Gavin T. Murphy keeps a weekly blog on ilovebipolar.com and he looks to Ignatian Spirituality for strength and inspiration.

“Men and women for others” – Pedro Arrupe SJ

I was educated by the Jesuits who taught me to be a man for others. At school, I reached out through charity work, welcoming the new student, and sacrificing myself on the running field. At university abroad, I cared for the Irish students, worked for the church, and helped friends to run better. Afterwards, I volunteered at an orphanage and a hospital, before becoming ill and returning to Ireland. When I got better, I worked with asylum seeking children and school children. However, my health continued to suffer and I slowly learned to take care of myself. Now, I manage to integrate this value through my commitment to this blog and maintaining a balanced mood for a balanced life.

A quality educator

I pondered from the perspective of an educator this week as I had to cover a story about my former principle who died. Paddy Crowe SJ spent his whole life working in schools and he knew the importance of values in the life of a student. At one school where he was teacher, prefect, rector, spiritual father, and headmaster, he said: “We think Clongowes is a good school and to it we are willing to give our time, our energy, our humanity, our life”. What gave him so much purpose and sense of mission? What values did he himself possess? “Educational value,” he said once, “is based largely on personal contact of good people with the young.” This is the kind of quality educator we want for our world. I can only begin to imagine the positive influence he has had on thousands of students.
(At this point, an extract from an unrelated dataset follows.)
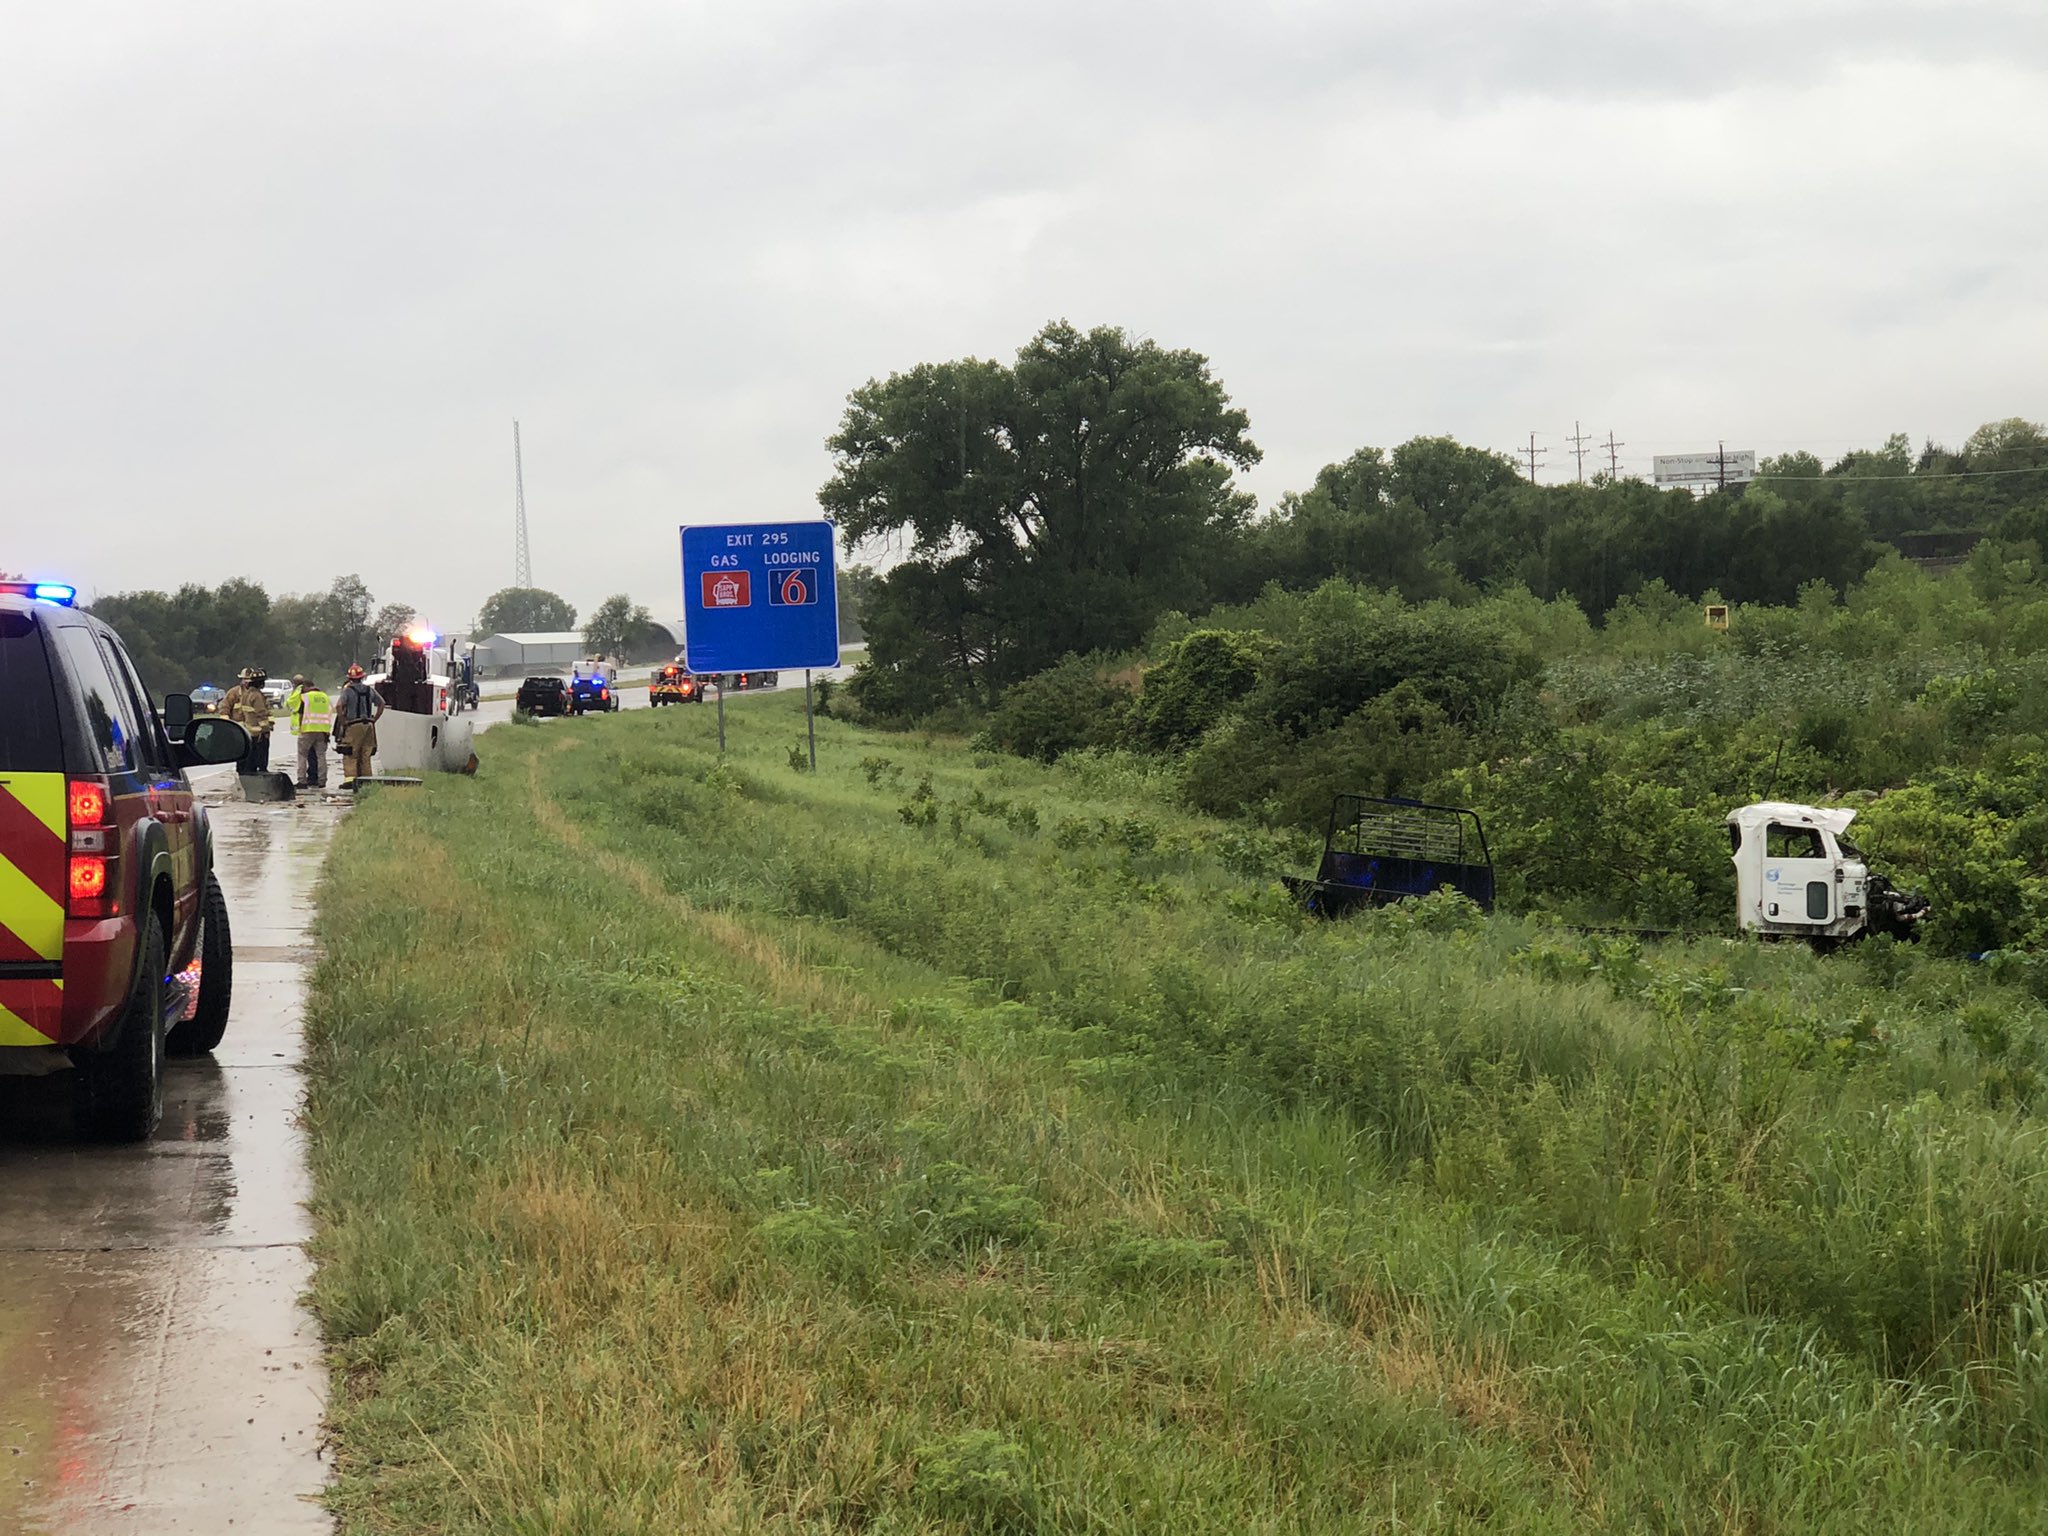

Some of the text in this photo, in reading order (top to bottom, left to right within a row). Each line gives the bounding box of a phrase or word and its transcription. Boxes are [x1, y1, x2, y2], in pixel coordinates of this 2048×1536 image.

“One cannot level one’s moral lance at every evil in the universe. There are just too many of them. But you can do something, and the difference between doing something and doing nothing is everything” – Daniel Berrigan SJ

While on the bus this week, a neighbour recognised me and asked me to help a lady find her hotel. I obeyed and between us we were able to recall it. We then spoke with another passenger who agreed to notify the lady of its whereabouts. The bus suddenly seemed to come alive with a sense of community as there was a bit of banter between us. My neighbour and I left the bus and the lady waved goodbye. In terms of values in romantic relationships, the Claddagh ring comes to mind. Created in County Galway, this traditional ring symbolises friendship in the form of joining hands; love in the form of the heart; and loyalty in the form of the crown. Many couples are known to wear these rings and I believe it touches on the theme of sacredness, similar to the bond of marriage.

Deep-rooted

I think that a lot of people have a value to help their neighbour and there is a lot of good will out there, for example, paying respects at a funeral, helping an elderly neighbour cross the road, and saying a friendly “hello”. But I think we find it harder ‘to help the stranger’: to be an active bystander at a road accident, to patiently give directions to a foreigner, and to volunteer at a soup kitchen for the homeless. Yes, we may do these things but I wonder if they are as a result of a deep-rooted value. For when we have anchored quality values, we are alive with life and love. It is experienced in our being and others can see it. Passing on values of great strength and worth may be the most important gift we can give to our world.